So let's call it 46 I/O pins needed, and a RISC core that knew how to handle spreading a 32-bit read or write over 2 cycles.

@funkylab If it's on a small PCB with components only on the top side, it can have Pi Pico style castellated holes for board mounting. Make it a square-ish board, with a notch on a corner to signify pin 1. Say you need a power and ground on each side, so that's 13 castellated holes per side, 2.54mm pitch, that's ~30mm per side, call it 35mm square just to be safe.

Use a BGA package FPGA, give it the regulator and capacitor support bits it needs on the module, so it can talk 3.3V bus.

@funkylab Sort of like an Upduino, only specialized to act as a drop-in CPU part, rather than an FPGA dev board.
@funkylab Such a part could be specced such that the same exact hardware could be sold as a drop-in CPU with RISC-V, MIPS, 68K, whatever.
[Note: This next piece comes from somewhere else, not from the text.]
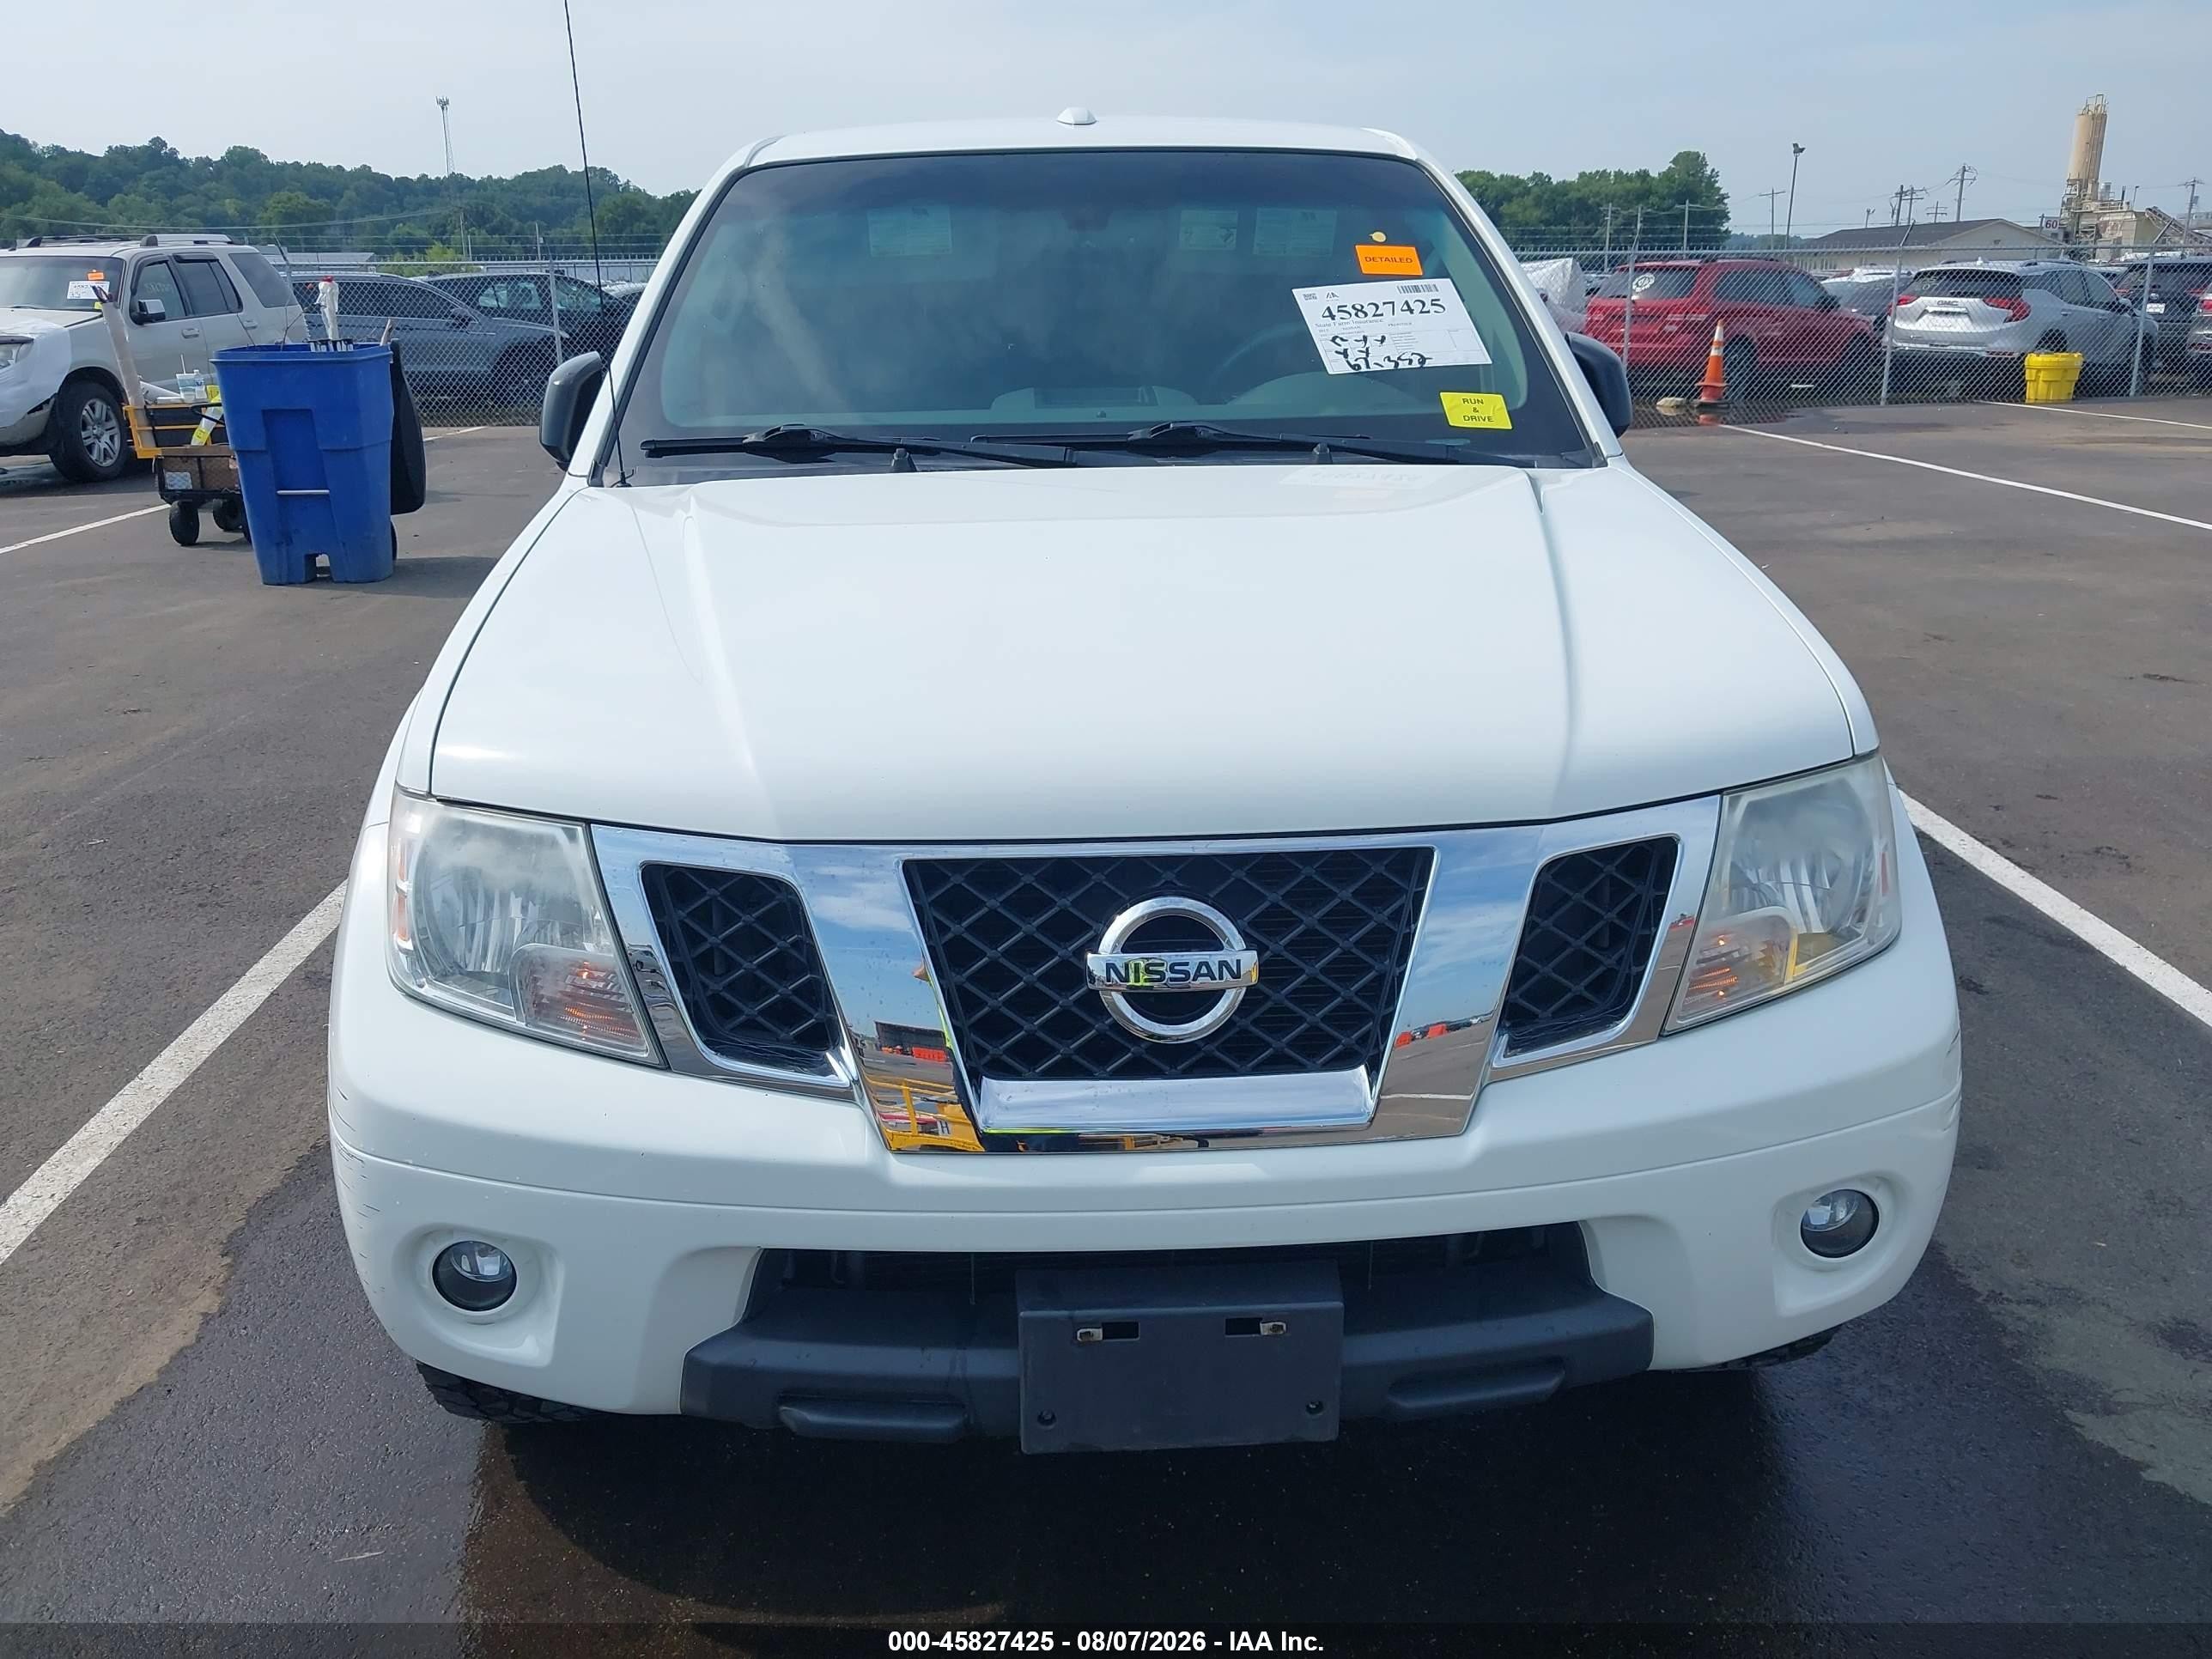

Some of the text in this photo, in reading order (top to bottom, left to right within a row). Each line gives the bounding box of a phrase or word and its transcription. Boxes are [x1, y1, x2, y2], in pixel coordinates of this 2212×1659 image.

[2045, 219, 2058, 229] 60
[1322, 299, 1446, 321] 45827425
[1105, 959, 1242, 983] NISSAN
A generic, low-performance hobbyist CPU part that is engineered to a cost and intended for that type of use.

@mos_8502 yeah, the problem really will be spec'ing this for low price; can't do it with less than ca 48 GPIOs , and there's simply cost to having enough silicon die to connect that many pads/balls/pins, so the cheapest FPGA families probably won't do. and then we're pretty quickly in >11€/piece territory for the FPGA… add in 1€ for config memory, 1€ for power, 1€ for passives, plus PCB, plus assembly.

Honestly, I could see me spinning a cheap 4-layer board for such an endeavor, but even if …

@mos_8502 … if every enthusiast for custom processors (which will mostly be very advanced retro computing people, since people who just want to design their own CPU will be happier with an eval board) bought, like 4, of these, the upfront development/prototype costs, and the effort to build a programming / test rig even after JLCPCB assembled the boards for free:
I don't think you could push the price much:
Assume you'd sold 1000 of them (which is rather optimistic), and you'd only have 1000€…

@mos_8502 upfront R&D, prototype costs,

then your price would have to be (taxes+per piece fees)+(R&D cost)/1000 above per-piece costs.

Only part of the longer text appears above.